**Exercise instructions**
Every line of the data must be retyped exactly as it stands.

**Material to process**
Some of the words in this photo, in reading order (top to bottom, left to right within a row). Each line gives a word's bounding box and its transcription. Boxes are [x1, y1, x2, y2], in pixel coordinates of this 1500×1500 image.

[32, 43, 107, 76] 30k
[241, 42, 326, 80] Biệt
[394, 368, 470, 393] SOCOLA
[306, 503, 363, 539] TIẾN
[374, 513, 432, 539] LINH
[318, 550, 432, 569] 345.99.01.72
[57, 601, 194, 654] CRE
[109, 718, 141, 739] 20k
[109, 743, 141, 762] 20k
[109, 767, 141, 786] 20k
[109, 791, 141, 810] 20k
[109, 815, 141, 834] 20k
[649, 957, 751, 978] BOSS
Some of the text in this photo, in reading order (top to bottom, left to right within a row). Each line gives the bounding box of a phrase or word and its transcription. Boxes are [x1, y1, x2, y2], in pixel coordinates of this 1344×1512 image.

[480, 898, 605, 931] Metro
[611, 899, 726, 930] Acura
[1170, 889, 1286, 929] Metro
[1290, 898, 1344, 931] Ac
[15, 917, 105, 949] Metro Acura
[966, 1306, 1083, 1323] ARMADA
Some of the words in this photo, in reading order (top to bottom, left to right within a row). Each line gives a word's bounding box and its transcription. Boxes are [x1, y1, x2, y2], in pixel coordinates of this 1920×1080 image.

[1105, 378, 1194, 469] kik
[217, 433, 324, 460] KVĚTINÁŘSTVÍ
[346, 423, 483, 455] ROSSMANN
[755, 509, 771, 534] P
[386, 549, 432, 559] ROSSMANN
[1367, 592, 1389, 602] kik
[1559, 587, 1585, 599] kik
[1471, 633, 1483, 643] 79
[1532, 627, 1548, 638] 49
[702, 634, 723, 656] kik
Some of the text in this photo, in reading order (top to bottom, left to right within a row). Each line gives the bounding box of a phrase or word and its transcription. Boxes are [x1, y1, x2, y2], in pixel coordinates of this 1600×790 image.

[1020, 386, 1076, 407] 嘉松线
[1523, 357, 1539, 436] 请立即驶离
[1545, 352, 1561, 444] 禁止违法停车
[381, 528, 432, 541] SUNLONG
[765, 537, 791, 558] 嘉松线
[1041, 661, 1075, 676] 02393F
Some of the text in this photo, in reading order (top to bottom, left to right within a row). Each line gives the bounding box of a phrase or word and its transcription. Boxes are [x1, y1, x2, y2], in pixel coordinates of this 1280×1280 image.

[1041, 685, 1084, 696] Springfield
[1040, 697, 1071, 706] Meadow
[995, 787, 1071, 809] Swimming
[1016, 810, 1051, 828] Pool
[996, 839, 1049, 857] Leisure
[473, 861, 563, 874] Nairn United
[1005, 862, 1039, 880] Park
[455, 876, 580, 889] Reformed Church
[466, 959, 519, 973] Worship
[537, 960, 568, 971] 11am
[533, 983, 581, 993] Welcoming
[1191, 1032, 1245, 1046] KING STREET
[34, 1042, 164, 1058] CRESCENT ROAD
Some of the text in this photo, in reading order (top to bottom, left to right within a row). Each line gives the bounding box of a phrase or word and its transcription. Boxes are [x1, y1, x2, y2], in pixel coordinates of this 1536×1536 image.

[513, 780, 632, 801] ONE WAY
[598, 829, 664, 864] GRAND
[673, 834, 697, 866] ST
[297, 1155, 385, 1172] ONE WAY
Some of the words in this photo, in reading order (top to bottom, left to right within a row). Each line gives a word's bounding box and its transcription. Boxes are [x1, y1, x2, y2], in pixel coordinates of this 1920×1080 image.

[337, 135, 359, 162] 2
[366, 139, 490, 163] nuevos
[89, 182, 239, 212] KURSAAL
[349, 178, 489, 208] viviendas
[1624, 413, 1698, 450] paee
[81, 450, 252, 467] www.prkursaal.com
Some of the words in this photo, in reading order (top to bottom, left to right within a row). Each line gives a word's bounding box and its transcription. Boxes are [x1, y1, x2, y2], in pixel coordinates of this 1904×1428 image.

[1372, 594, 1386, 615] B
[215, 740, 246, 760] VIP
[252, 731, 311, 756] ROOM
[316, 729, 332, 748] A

**Exercise answer**
Some of the words in this photo, in reading order (top to bottom, left to right within a row). Each line gives a word's bounding box and its transcription. Boxes are [x1, y1, x2, y2], in pixel coordinates of this 1500×1500 image.

[32, 43, 107, 76] 30k
[241, 42, 326, 80] Biệt
[394, 368, 470, 393] SOCOLA
[306, 503, 363, 539] TIẾN
[374, 513, 432, 539] LINH
[318, 550, 432, 569] 345.99.01.72
[57, 601, 194, 654] CRE
[109, 718, 141, 739] 20k
[109, 743, 141, 762] 20k
[109, 767, 141, 786] 20k
[109, 791, 141, 810] 20k
[109, 815, 141, 834] 20k
[649, 957, 751, 978] BOSS
Some of the text in this photo, in reading order (top to bottom, left to right within a row). Each line gives the bounding box of a phrase or word and its transcription. Boxes are [x1, y1, x2, y2], in pixel coordinates of this 1344×1512 image.

[480, 898, 605, 931] Metro
[611, 899, 726, 930] Acura
[1170, 889, 1286, 929] Metro
[1290, 898, 1344, 931] Ac
[15, 917, 105, 949] Metro Acura
[966, 1306, 1083, 1323] ARMADA
Some of the words in this photo, in reading order (top to bottom, left to right within a row). Each line gives a word's bounding box and its transcription. Boxes are [x1, y1, x2, y2], in pixel coordinates of this 1920×1080 image.

[1105, 378, 1194, 469] kik
[217, 433, 324, 460] KVĚTINÁŘSTVÍ
[346, 423, 483, 455] ROSSMANN
[755, 509, 771, 534] P
[386, 549, 432, 559] ROSSMANN
[1367, 592, 1389, 602] kik
[1559, 587, 1585, 599] kik
[1471, 633, 1483, 643] 79
[1532, 627, 1548, 638] 49
[702, 634, 723, 656] kik
Some of the text in this photo, in reading order (top to bottom, left to right within a row). Each line gives the bounding box of a phrase or word and its transcription. Boxes are [x1, y1, x2, y2], in pixel coordinates of this 1600×790 image.

[1020, 386, 1076, 407] 嘉松线
[1523, 357, 1539, 436] 请立即驶离
[1545, 352, 1561, 444] 禁止违法停车
[381, 528, 432, 541] SUNLONG
[765, 537, 791, 558] 嘉松线
[1041, 661, 1075, 676] 02393F
Some of the text in this photo, in reading order (top to bottom, left to right within a row). Each line gives the bounding box of a phrase or word and its transcription. Boxes are [x1, y1, x2, y2], in pixel coordinates of this 1280×1280 image.

[1041, 685, 1084, 696] Springfield
[1040, 697, 1071, 706] Meadow
[995, 787, 1071, 809] Swimming
[1016, 810, 1051, 828] Pool
[996, 839, 1049, 857] Leisure
[473, 861, 563, 874] Nairn United
[1005, 862, 1039, 880] Park
[455, 876, 580, 889] Reformed Church
[466, 959, 519, 973] Worship
[537, 960, 568, 971] 11am
[533, 983, 581, 993] Welcoming
[1191, 1032, 1245, 1046] KING STREET
[34, 1042, 164, 1058] CRESCENT ROAD
Some of the text in this photo, in reading order (top to bottom, left to right within a row). Each line gives the bounding box of a phrase or word and its transcription. Boxes are [x1, y1, x2, y2], in pixel coordinates of this 1536×1536 image.

[513, 780, 632, 801] ONE WAY
[598, 829, 664, 864] GRAND
[673, 834, 697, 866] ST
[297, 1155, 385, 1172] ONE WAY
Some of the words in this photo, in reading order (top to bottom, left to right within a row). Each line gives a word's bounding box and its transcription. Boxes are [x1, y1, x2, y2], in pixel coordinates of this 1920×1080 image.

[337, 135, 359, 162] 2
[366, 139, 490, 163] nuevos
[89, 182, 239, 212] KURSAAL
[349, 178, 489, 208] viviendas
[1624, 413, 1698, 450] paee
[81, 450, 252, 467] www.prkursaal.com
Some of the words in this photo, in reading order (top to bottom, left to right within a row). Each line gives a word's bounding box and its transcription. Boxes are [x1, y1, x2, y2], in pixel coordinates of this 1904×1428 image.

[1372, 594, 1386, 615] B
[215, 740, 246, 760] VIP
[252, 731, 311, 756] ROOM
[316, 729, 332, 748] A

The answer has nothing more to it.